==== EXERCISE MATERIALS

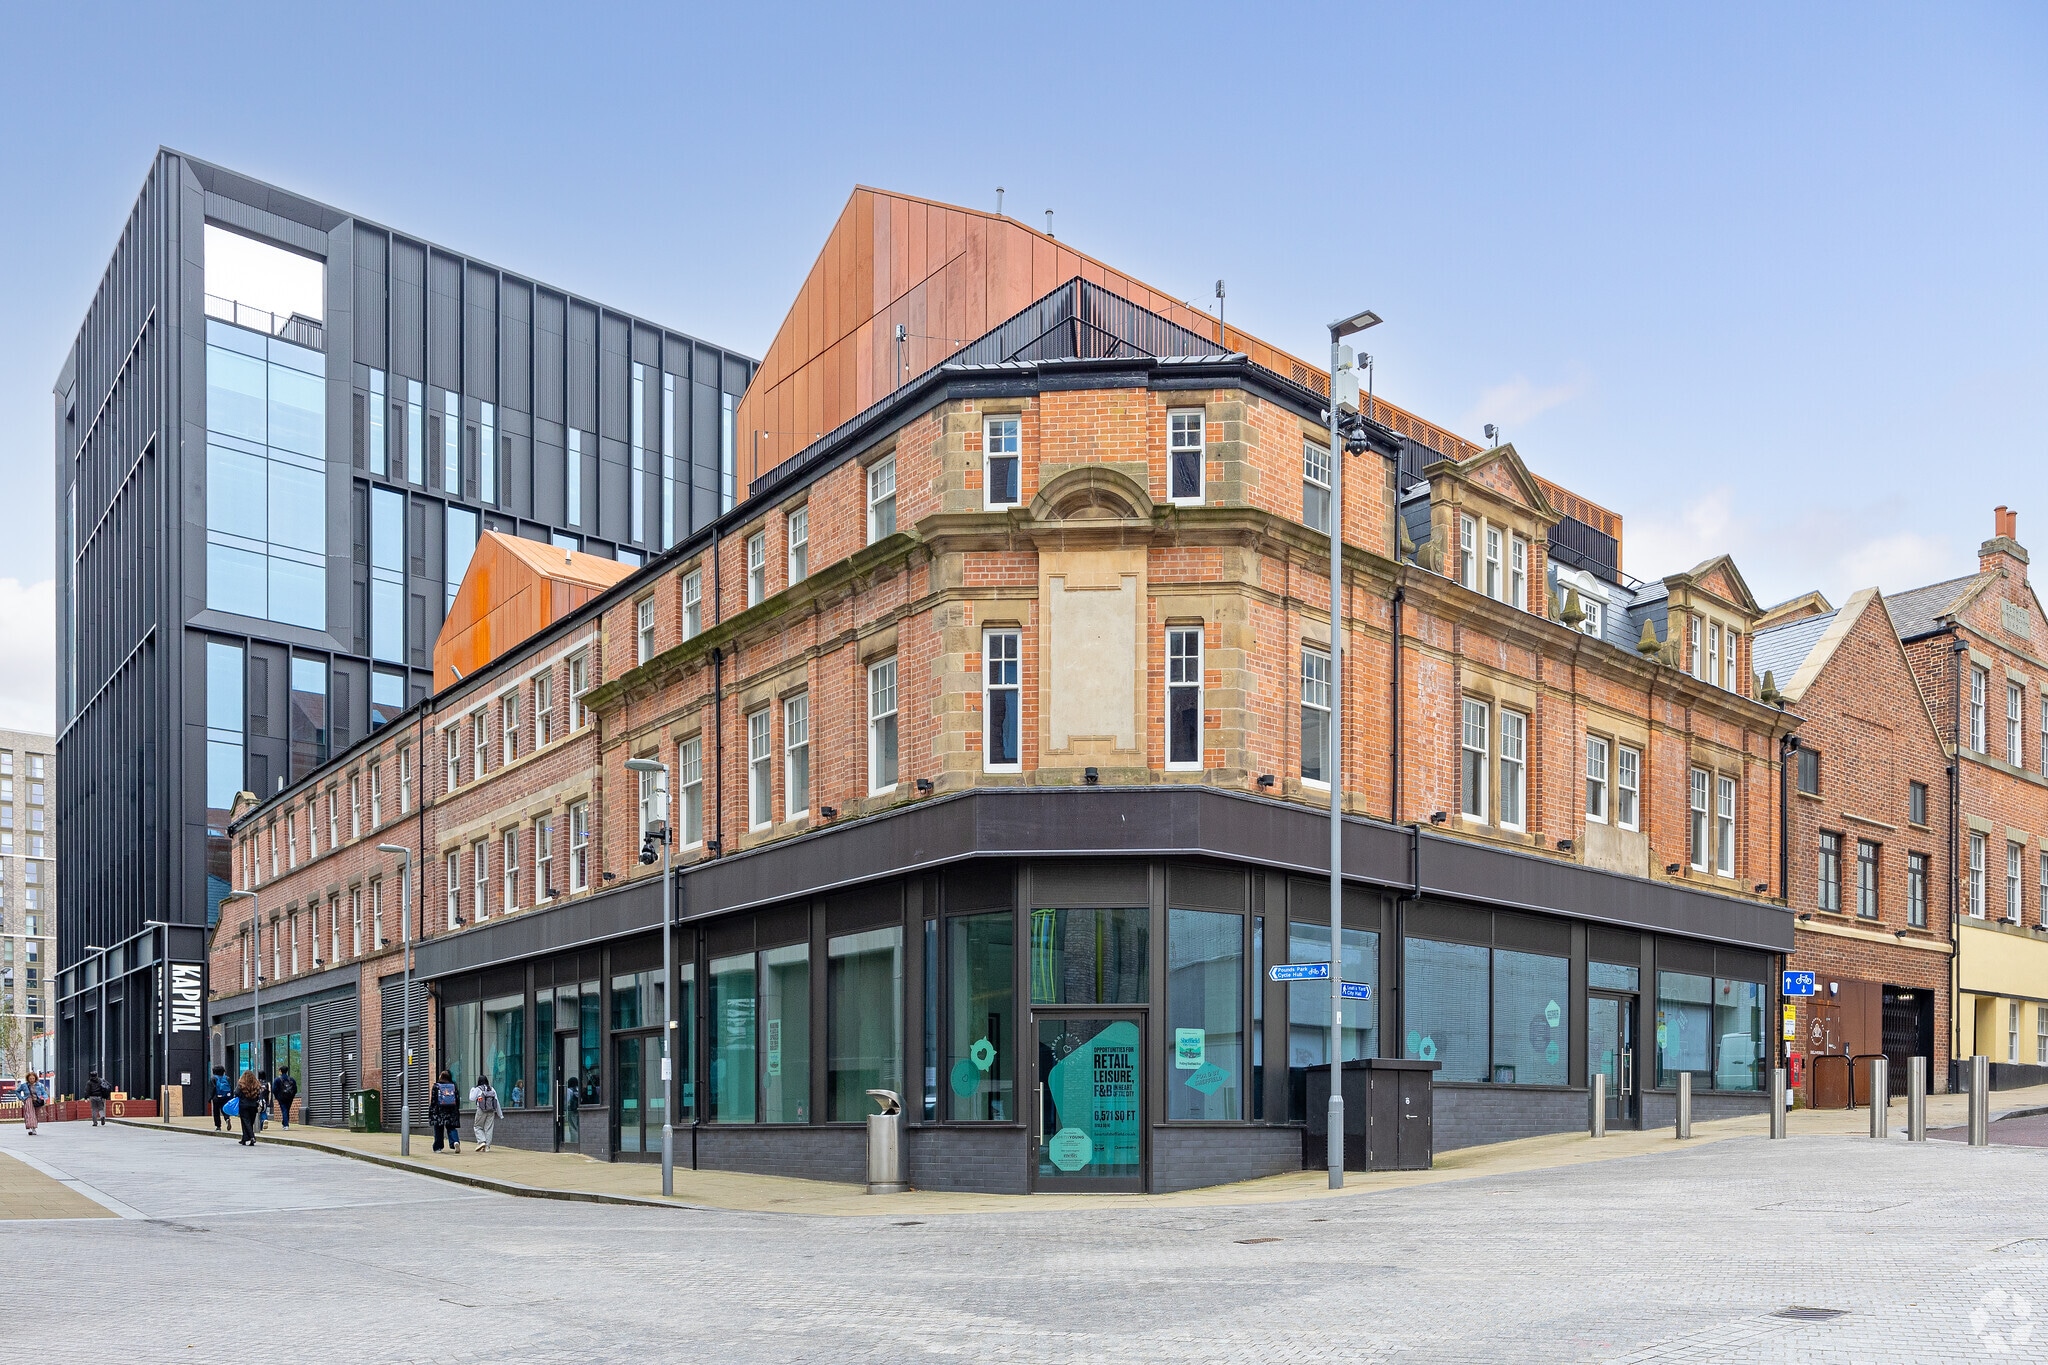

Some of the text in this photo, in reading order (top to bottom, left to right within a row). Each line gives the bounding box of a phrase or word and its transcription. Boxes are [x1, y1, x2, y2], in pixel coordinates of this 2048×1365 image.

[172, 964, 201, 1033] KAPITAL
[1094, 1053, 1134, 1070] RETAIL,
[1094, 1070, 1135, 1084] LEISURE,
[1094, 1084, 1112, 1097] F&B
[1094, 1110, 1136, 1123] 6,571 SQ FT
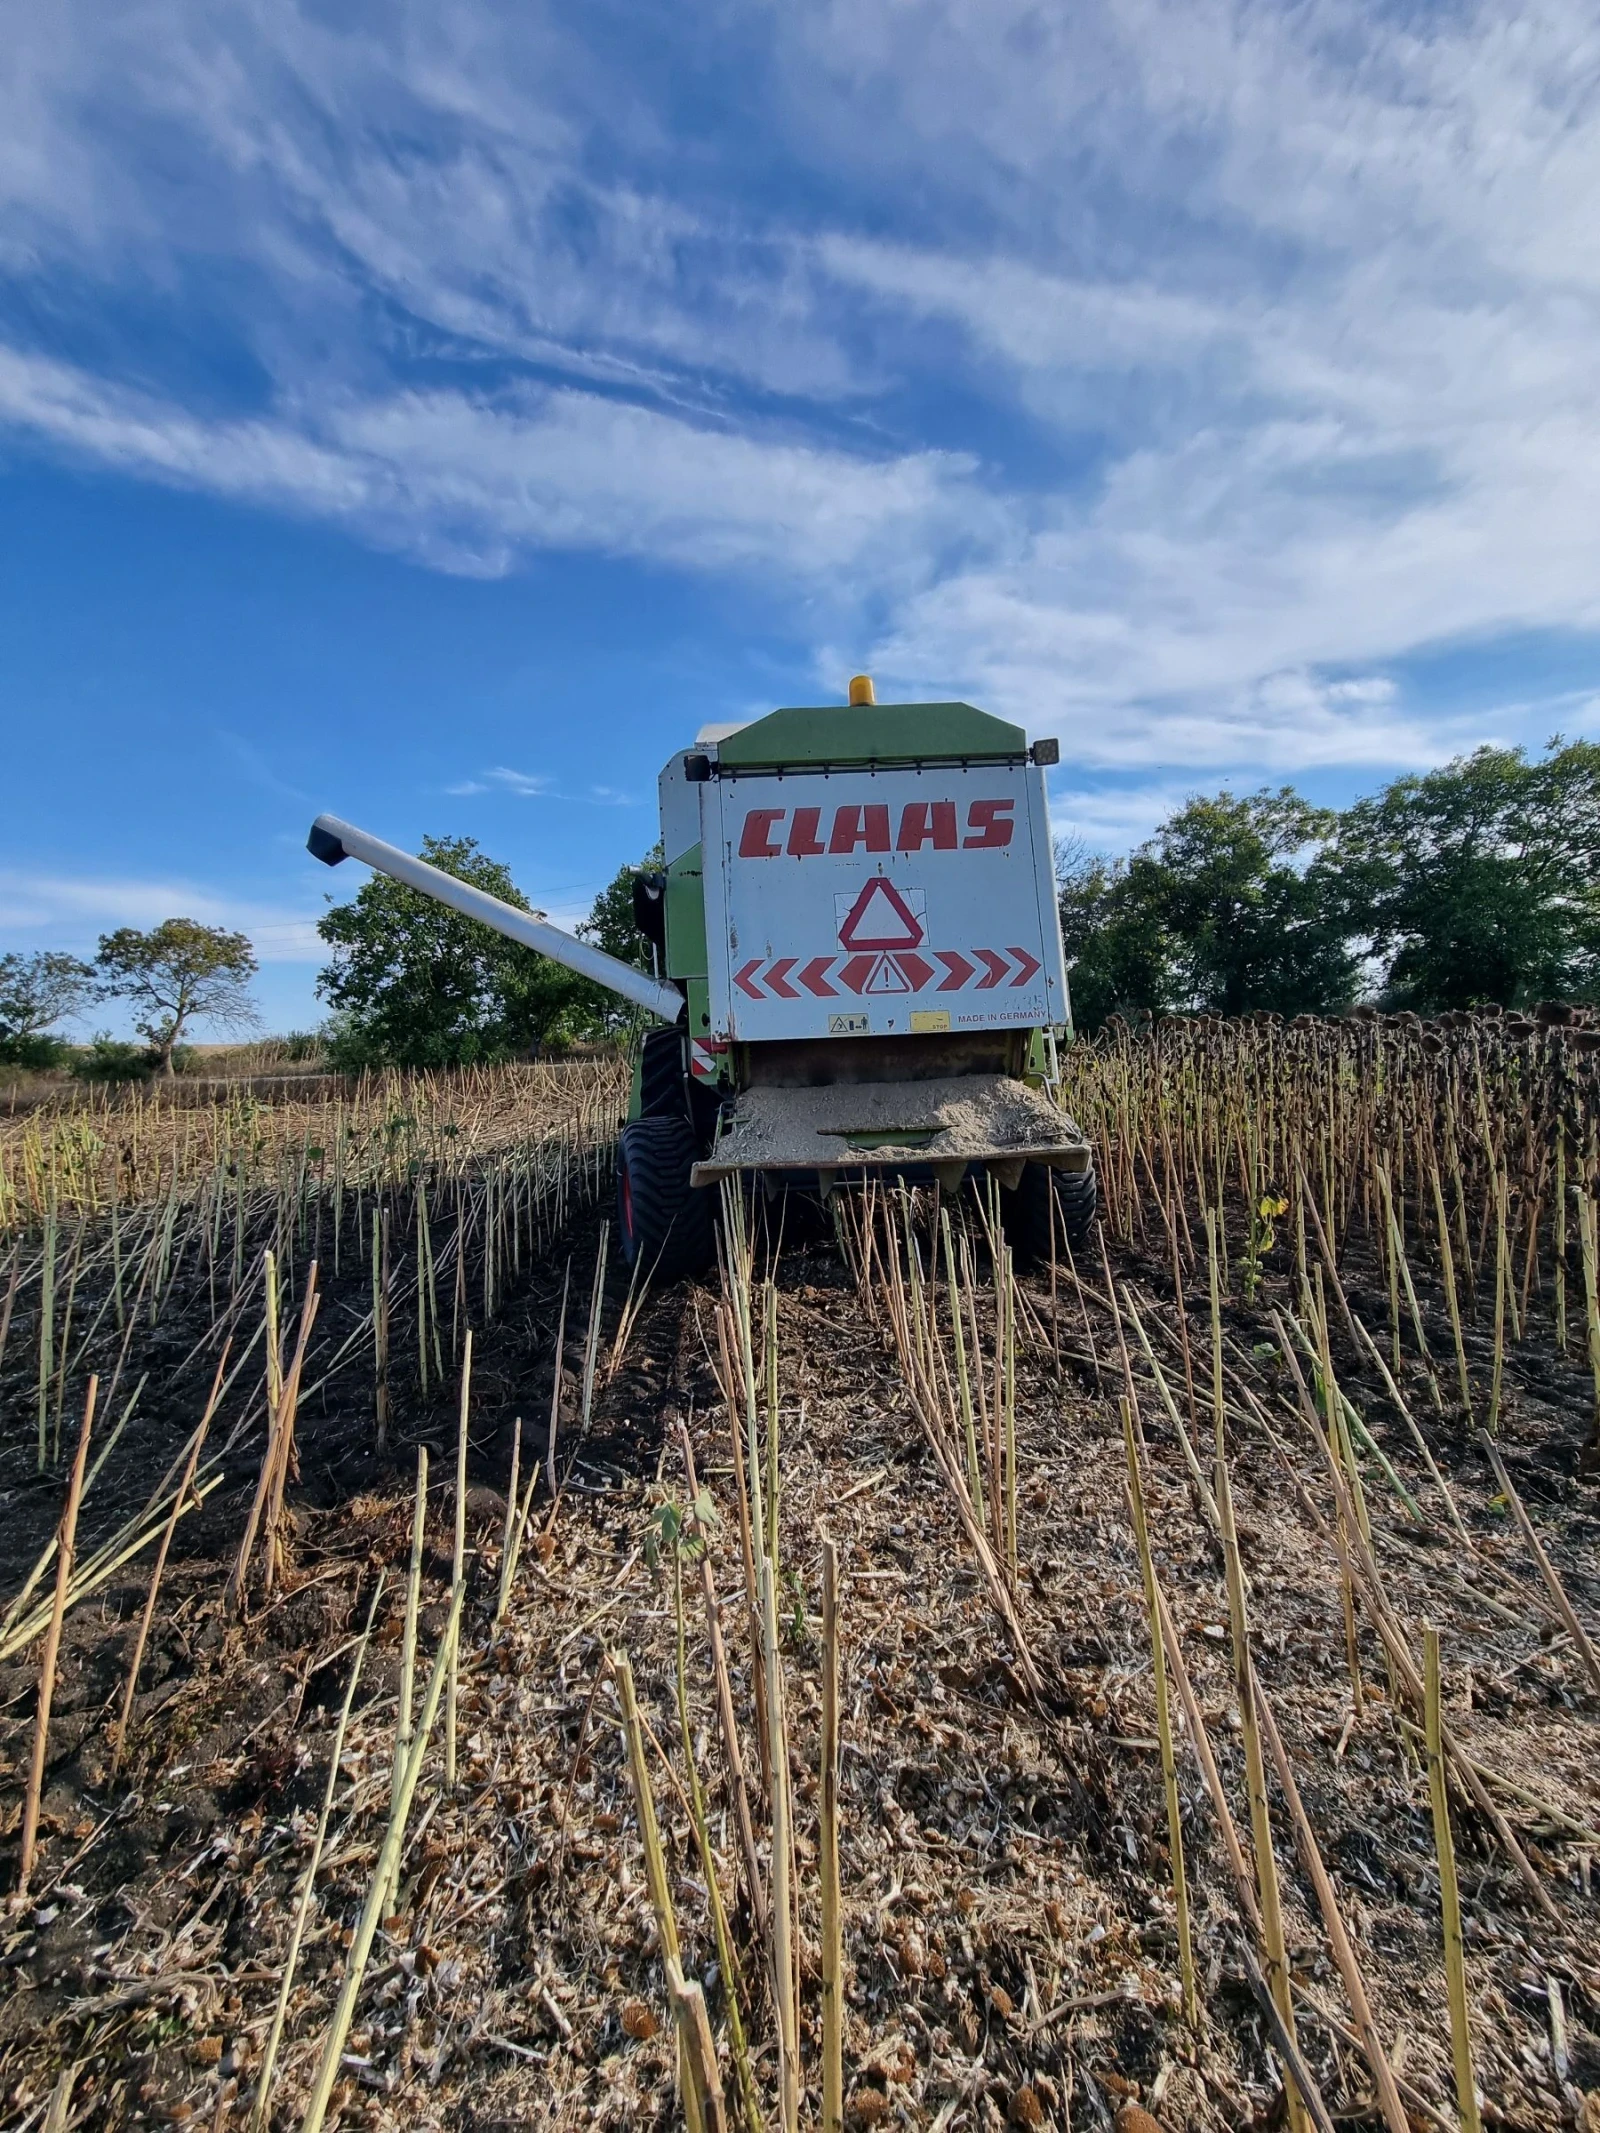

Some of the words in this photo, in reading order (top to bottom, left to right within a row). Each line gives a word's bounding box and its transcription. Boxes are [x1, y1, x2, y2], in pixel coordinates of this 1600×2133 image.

========

The entries should be reproduced word for word, pictures omitted.

▶ RESULT BELOW
Some of the text in this photo, in reading order (top to bottom, left to right within a row). Each line gives the bounding box of a phrase or word and its transcription. Boxes are [x1, y1, x2, y2], in pixel coordinates of this 2048×1365 image.

[172, 964, 201, 1033] KAPITAL
[1094, 1053, 1134, 1070] RETAIL,
[1094, 1070, 1135, 1084] LEISURE,
[1094, 1084, 1112, 1097] F&B
[1094, 1110, 1136, 1123] 6,571 SQ FT

Some of the words in this photo, in reading order (top to bottom, left to right within a row). Each line gives a word's bounding box and its transcription. Boxes are [x1, y1, x2, y2], in pixel coordinates of this 1600×2133 image.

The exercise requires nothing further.